Evimiz, Ödemiş’in Anafartalar Mahallesi’nde. Bu mahalle, Atatürk Mahallesi’nin bölünmesiyle 25 yıl önce oluştu. Çok kısa sürede nice bahçe, fidanlık, mandalinalık betona dönüştü. İnsanın gerçekten içini acıtan bir imar değişikliği, salt bizim mahalle ile kalmadı. Zeytinliklere sıçradı ne yazık ki. Şimdilerde Başkan Eriş’le birlikte oluşan imar komisyonu, bakalım neler ortaya koyacak kent adına? Eğer yeni bir doğa kıyımı daha yapılırsa ilk karşı çıkanlardan biri ben olurum. O güzelim tarım arazileri, 50 milyon yılda oluştu. Alüvyon toprakları, her mevsim ürün verirken betona dönüştürmek bize reva mı? Bu dünyanın bozulan iklim dengesine yeni bir darbe olmayacak mı?

Mahallemden söz ederken eski Salı Pazarı’na yapılan park düzenlemesi, sıcak yaz günlerini serin yaz akşamlarına dönüştürüyor. Her akşam insan kalabalığında yer arar hale gelmekten mutluyum. Yaz sıcaklarının çekilmez olduğu Temmuz-Ağustos aylarında Ödemiş’te yaşamak zorunda olanlar için Salı Pazarı Parkı, iyi bir alternatif doğrusu. Park, sadece biz yetişkinlerin oturup çay kahve molası vereceği yer olmaktan çok öte gençler ve çocuklar için farklı sportif etkinliklere de ev sahipliği yapmasıyla da önemli.

Ancak “Bu parktaki kafeteryaların yazın gülen yüzleri, kışın yine gülebilir mi?” demekten kendimi alamıyorum. Şimdilerde zorunlu akşam gezmesine çıkan ve klimanın zararından sakınan insanlar, kışın bu kez “Ev ısıtmayı ucuza getirebilir miyiz?” diyerek bir kafeye sığınmak isterler mi? Ya da şöyle soralım: Kafeleri işletenler, “Her geçen gün artan hayat pahalılığı karşısında yüksek düzeydeki kiraları karşılayamıyoruz” diyerek kepenk indirirler mi?

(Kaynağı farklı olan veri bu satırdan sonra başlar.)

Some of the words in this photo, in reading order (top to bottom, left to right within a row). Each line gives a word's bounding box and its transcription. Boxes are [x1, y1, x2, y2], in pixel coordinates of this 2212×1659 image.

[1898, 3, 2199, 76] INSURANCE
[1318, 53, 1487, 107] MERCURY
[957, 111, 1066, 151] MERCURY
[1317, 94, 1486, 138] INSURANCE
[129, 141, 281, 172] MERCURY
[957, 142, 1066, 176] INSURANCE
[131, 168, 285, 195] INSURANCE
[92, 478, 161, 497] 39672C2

Halkın beslenme, barınma gereksinimleri yanında sosyal ve kültürel gereksinimleri de sosyal tesislerin artışıyla karşılanabilir. Salı Pazarı Parkı’ndaki belediye kafesinin yanında özel kafelerin varlığı, umarım sağlıklı bir denge oluşturuyordur. Halkın orta tabaka diyeceğimiz kesimi, buradaki belediye kafenin doğru fiyat politikalarıyla memnun edilebilir.

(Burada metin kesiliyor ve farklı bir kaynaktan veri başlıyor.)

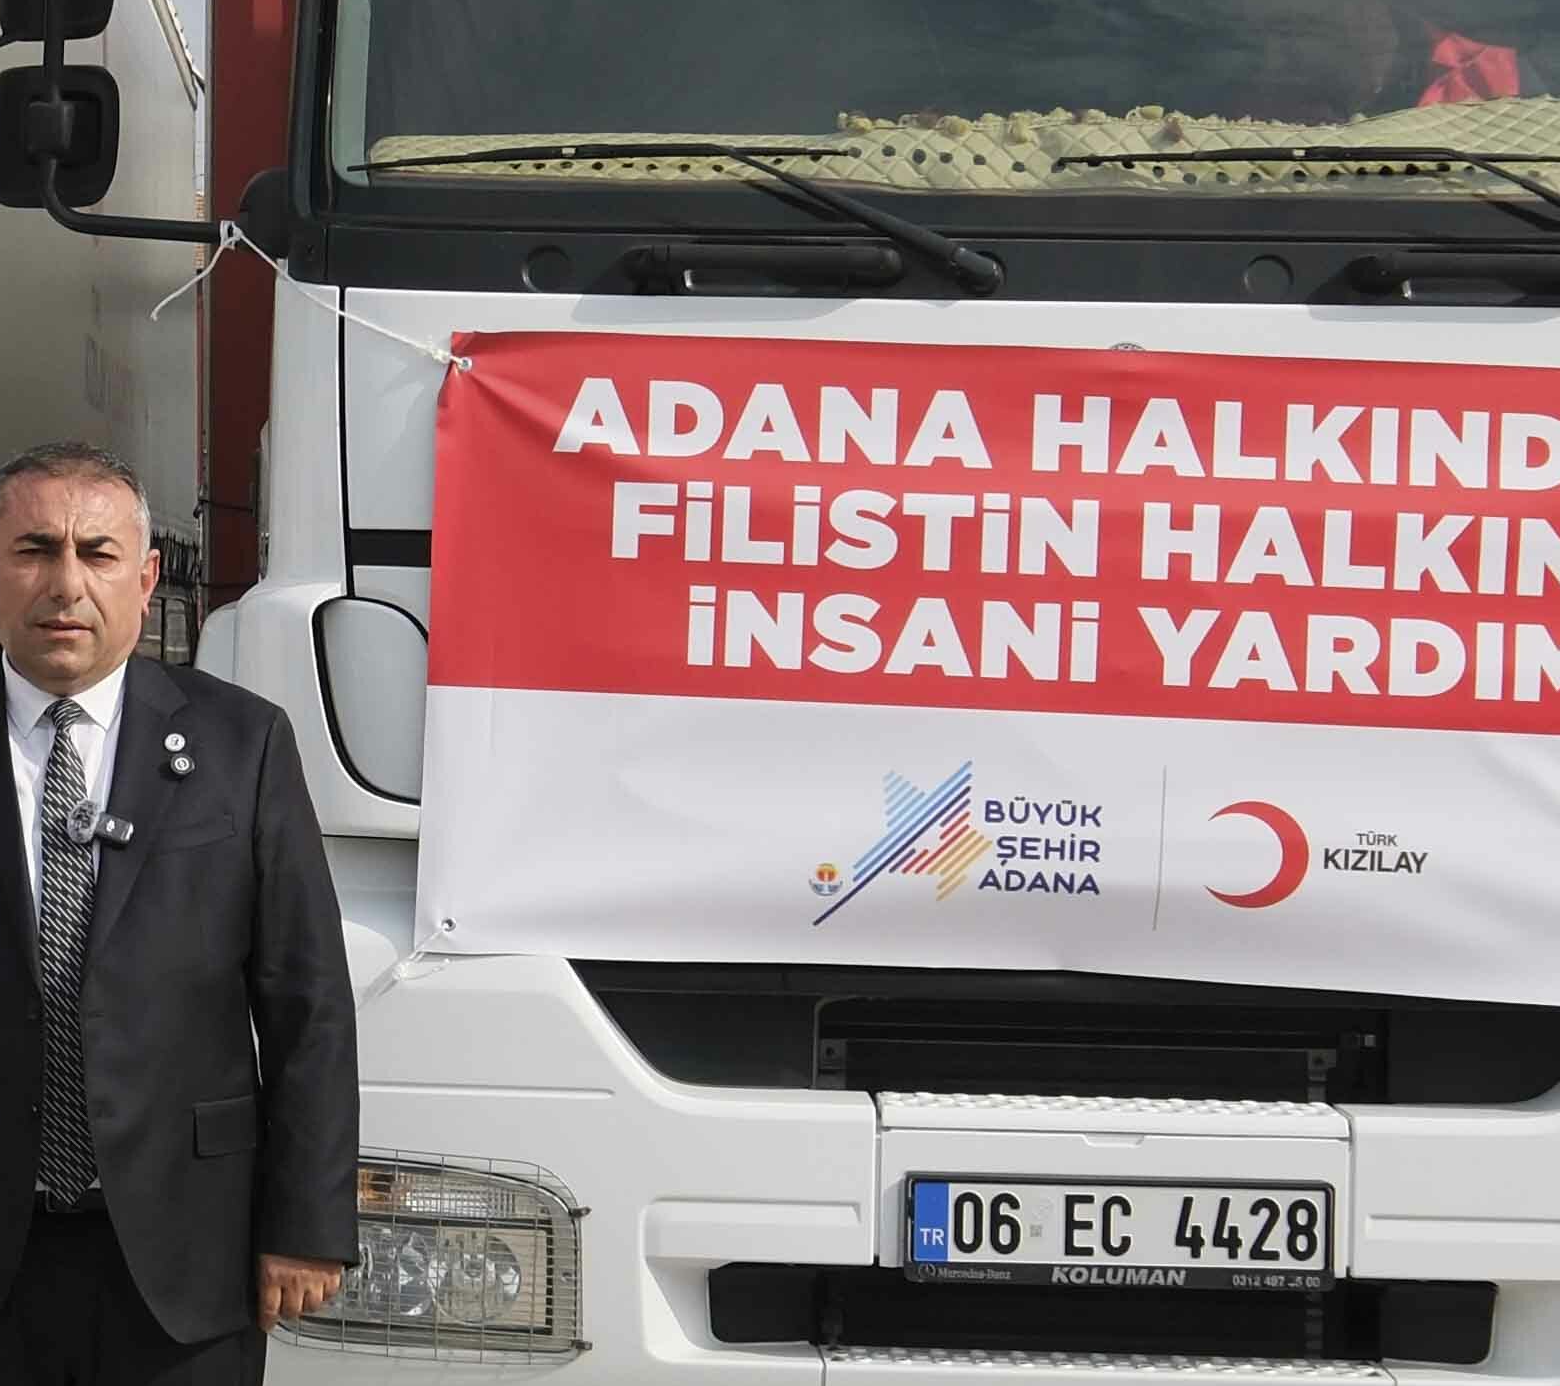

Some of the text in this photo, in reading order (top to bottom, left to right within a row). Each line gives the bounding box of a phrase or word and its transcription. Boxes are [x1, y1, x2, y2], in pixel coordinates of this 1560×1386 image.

[553, 378, 992, 469] ADANA
[984, 796, 1102, 828] BÜYÜK
[996, 834, 1101, 868] ŞEHİR
[1356, 831, 1397, 847] TÜRK
[1323, 848, 1428, 874] KIZILAY
[978, 869, 1101, 896] ADANA
[920, 1227, 945, 1246] TR
[954, 1192, 1318, 1261] 06 EC 4428
[1051, 1266, 1186, 1286] KOLUMAN

Amaç doğru saptanırsa çizilecek yol da bizi hedefe kolayca ulaştırabilir. Belediyeler, sadece memur kadrosunda çalışanlardan ibaret değildir. Belli işlerin uzmanlarından yararlanma yoluna giden büyükşehir belediyeleri olduğunu biliyoruz. Örneğin; şair Sunay Akın’a İzmir BŞB Başkanı Tunç Soyer danışman olarak görev vermiş. Örneğin; Ayvalık Belediyesi Kültür Müdürlüğü, Kidonya adını verdikleri kültür sanat dergisini yeniden yayımlanması için belediye dışından şair bir arkadaşı işin uzmanı olarak görevlendirmiş. Bizim belediye de dergi çıkarıyordu ama bu derginin edebiyatla, kültürle bir ilgisi yoktu. Şu sıralar Başkan Eriş, ziyaret trafiğini 100 günde tamamlayamadığı için düşüncelerini dergiyle değil, gazetemiz Küçük Menderes aracılığıyla yapabiliyor!

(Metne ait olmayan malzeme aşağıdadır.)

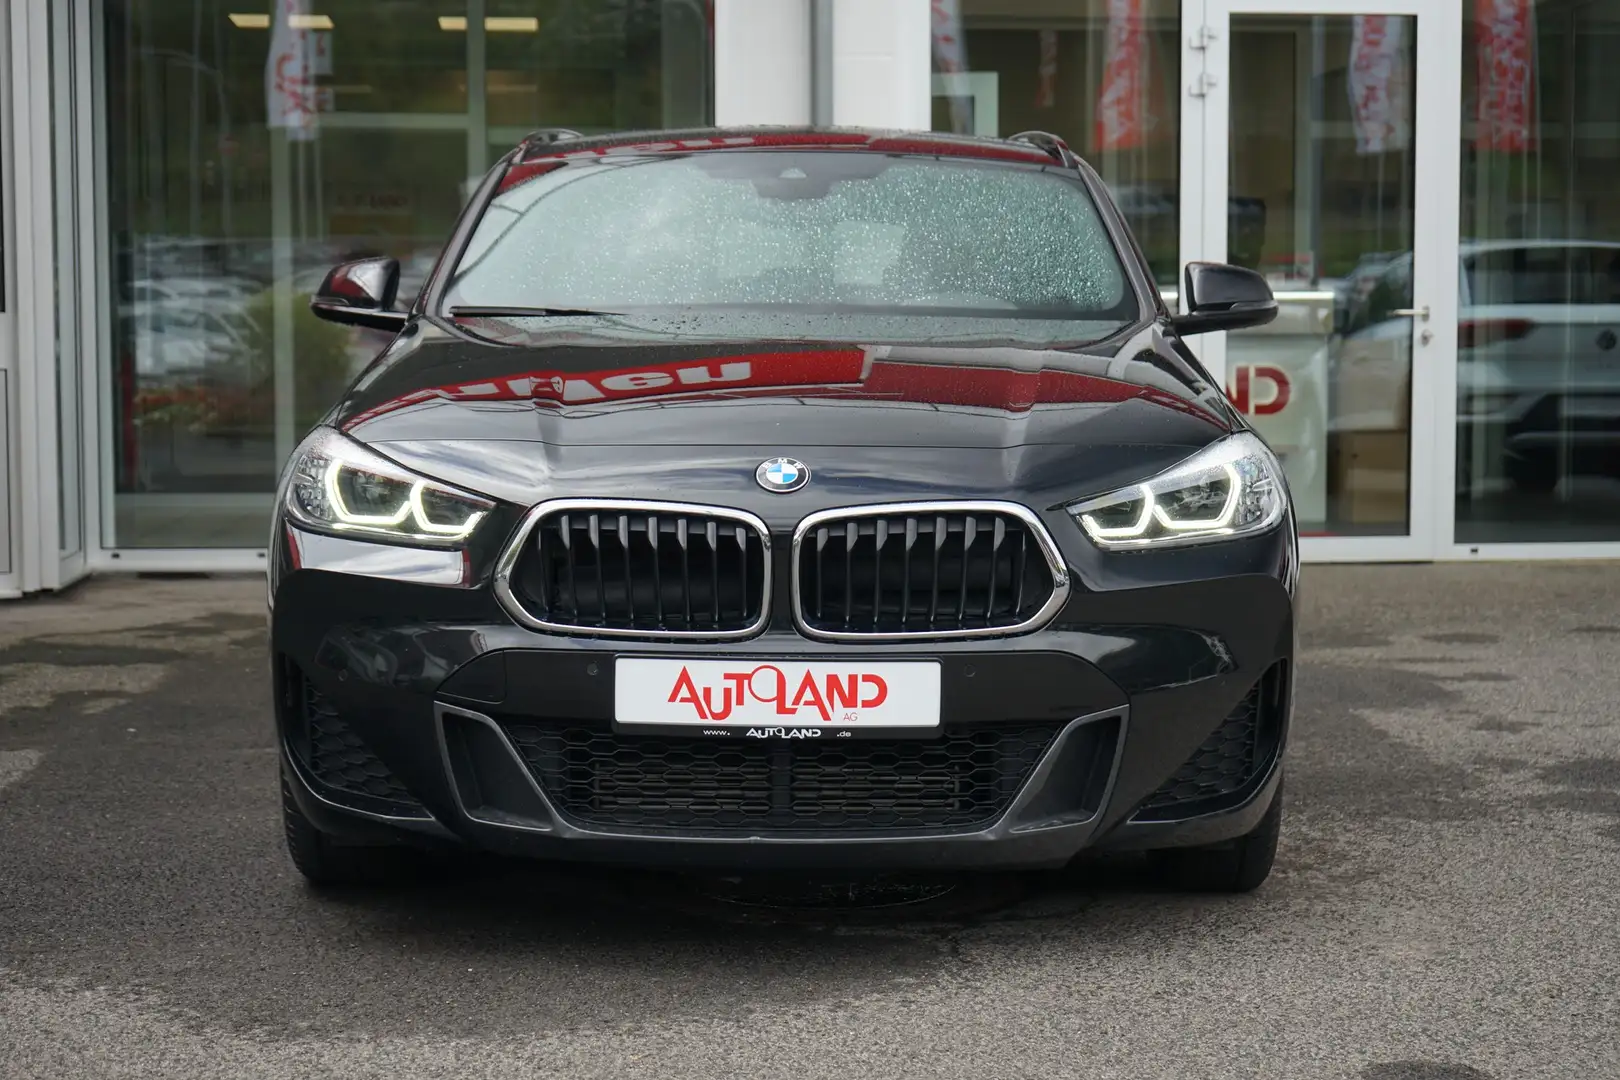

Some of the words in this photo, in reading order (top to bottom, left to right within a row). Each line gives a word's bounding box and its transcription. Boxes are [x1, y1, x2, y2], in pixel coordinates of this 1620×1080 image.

[668, 665, 888, 721] AUTOLAND
[843, 712, 858, 722] AG
[746, 726, 822, 739] AUTOLAND

Şimdiye değin açıkça dile getirmedim ama artık söylemek zorundayım. Tmolos Edebiyat dergimiz, sekizinci yıla girdi. Temmuz-Ağustos sayısıyla yayımladığım derginin sayısı 79 oldu. Tmolos, aboneleri itibariyle Avustralya, ABD, Avrupa’ya gönderildiği gibi Türkiye’nin dört bucağındaki edebiyatseverlere de ulaşmaktadır. Sayın Bekir Keskin’in belediye başkanlığı döneminde küçük çaplı reklam desteği verilen dergimiz, Sayın Mahmut Badem’in başkanlığı döneminde hiç fark edilmedi bile. Sağ olsunlar, emeğime değer veren Ödemişli esnaf dostlarım, bazı özel kurumların desteğiyle bugün hayal bile edilemeyen bir sayıya ulaştık.

Sayın Mehmet Eriş başkanıma “Dergime destek verir misin?” diye bir şey bahsetmedim. Çok da beklentim yok. Destekçilerimin yaşanan ekonomik ve sosyal krize rağmen destekleri var oldukça Tmolos Edebiyat, Ödemiş’in adını edebiyat, sanat ve kültürel değerleriyle dünyaya duyurmayı sürdürecektir.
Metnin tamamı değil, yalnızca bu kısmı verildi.